In the Victim and Witness Protection Act of 1982 (VWPA) Congress vested courts with discretion to order restitution for losses in any Title 18 criminal case so long as the sentencing court also considered the “financial resources of the defendant, the financial needs and earning ability of the defendant and the defendant’s dependents, and such other factors as the court deems appropriate.” Title 18, United States Code, Section 3663(a)(1)(B)(i).

In practice, given those considerations, courts only rarely imposed substantial restitution orders.

In 1996, Congress dramatically enhanced the law by enacting the Mandatory Victim Restitution Act (MVRA).
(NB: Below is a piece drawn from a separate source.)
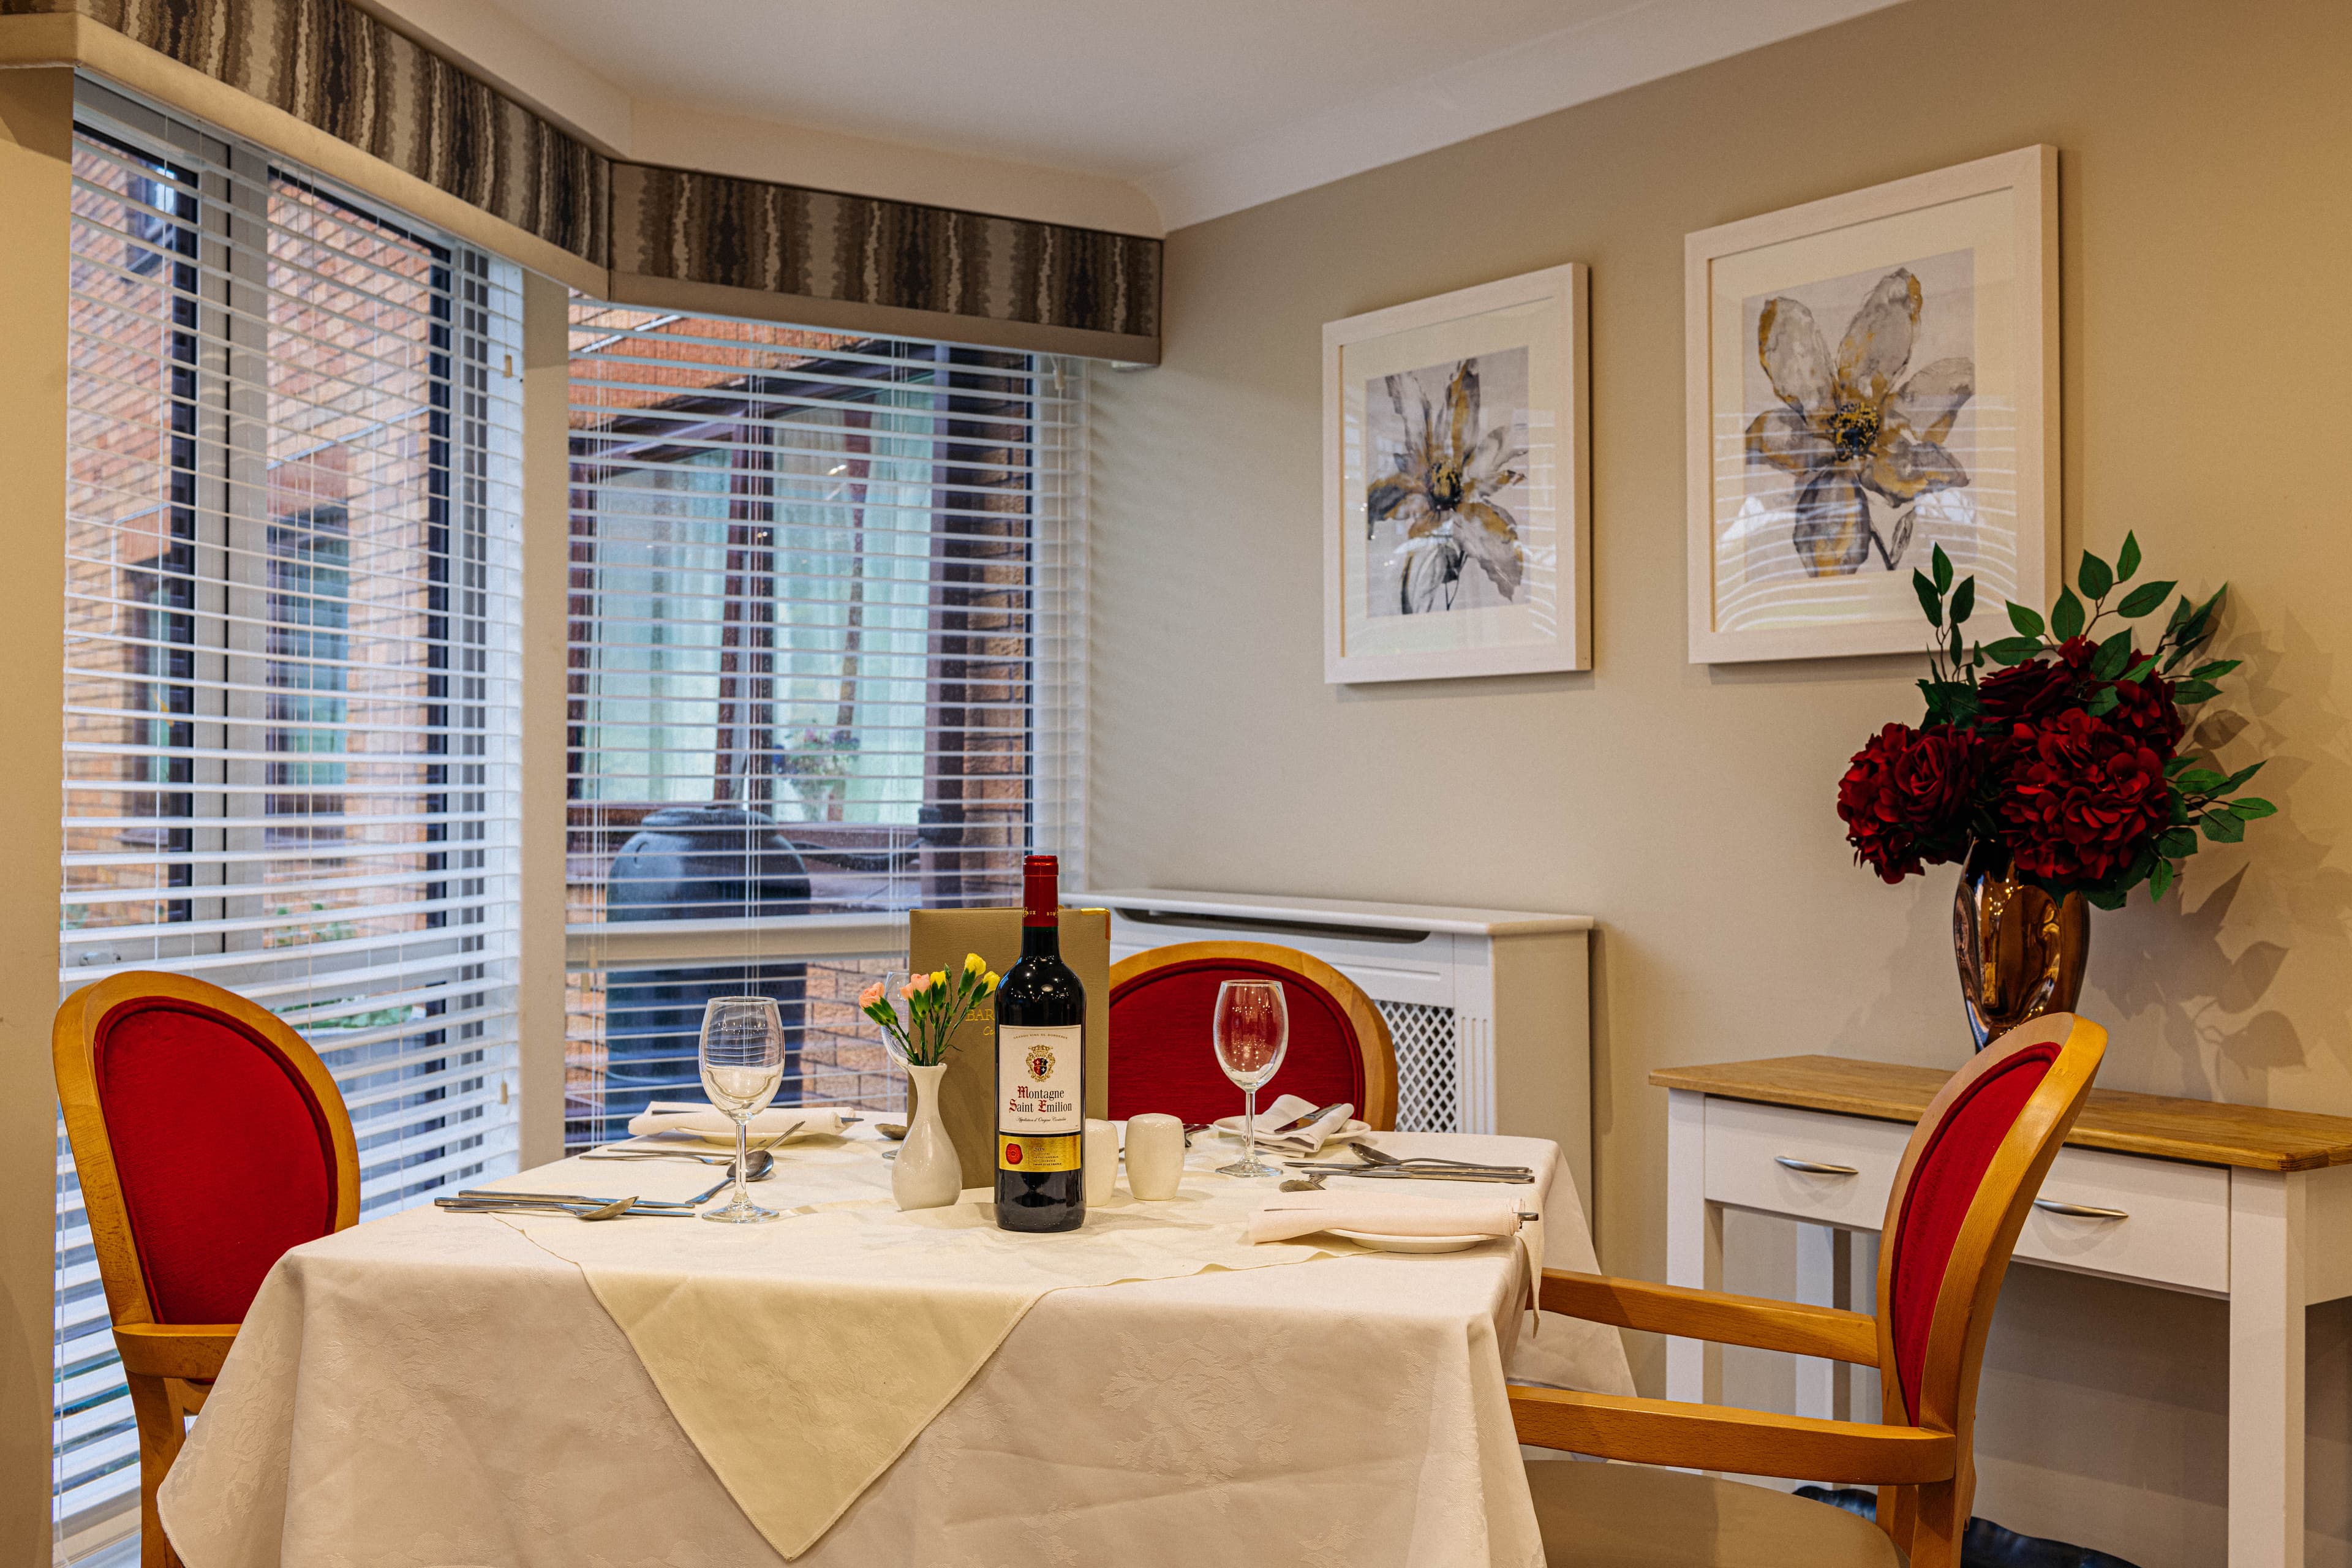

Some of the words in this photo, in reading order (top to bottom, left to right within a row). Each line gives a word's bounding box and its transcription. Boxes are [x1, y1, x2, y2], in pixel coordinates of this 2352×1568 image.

[1017, 1085, 1065, 1101] Montagne
[1009, 1098, 1034, 1113] Saint
[1038, 1099, 1072, 1113] Emilion
Under the MVRA (which went into effect on April 24, 1996), the sentencing court was now required to impose restitution in the full amount of each victim’s losses and without regard to the defendant’s economic circumstances.

Relevant to the split at issue in Ellingburg, the VWPA and MVRA also differed regarding enforceability. Under both laws a restitution order operates as a lien in favor of the government against a defendant’s personal property.

But while that lien expires twenty years after the entry of judgment pursuant to the VWPA, under the MVRA, the liability period was extended to be twenty years after the entry of judgment or twenty years after the defendant’s release from prison, whichever is later.

The Ex Post Facto Clause of the Constitution states that “No Bill of Attainder or ex post facto Law shall be passed.” U.S. Const. art. I, §9, cl. 3. A law only violates the Ex Post Facto Clause if it (1) applies retroactively (i.e., to events occurring before its enactment) and (2) disadvantages the affected offender by altering the definition of criminal conduct or increasing the punishment for the crime.

The extended liability period created under the MVRA would only implicate the Ex Post Facto Clause if (as a threshold matter) restitution were deemed to be punitive in nature.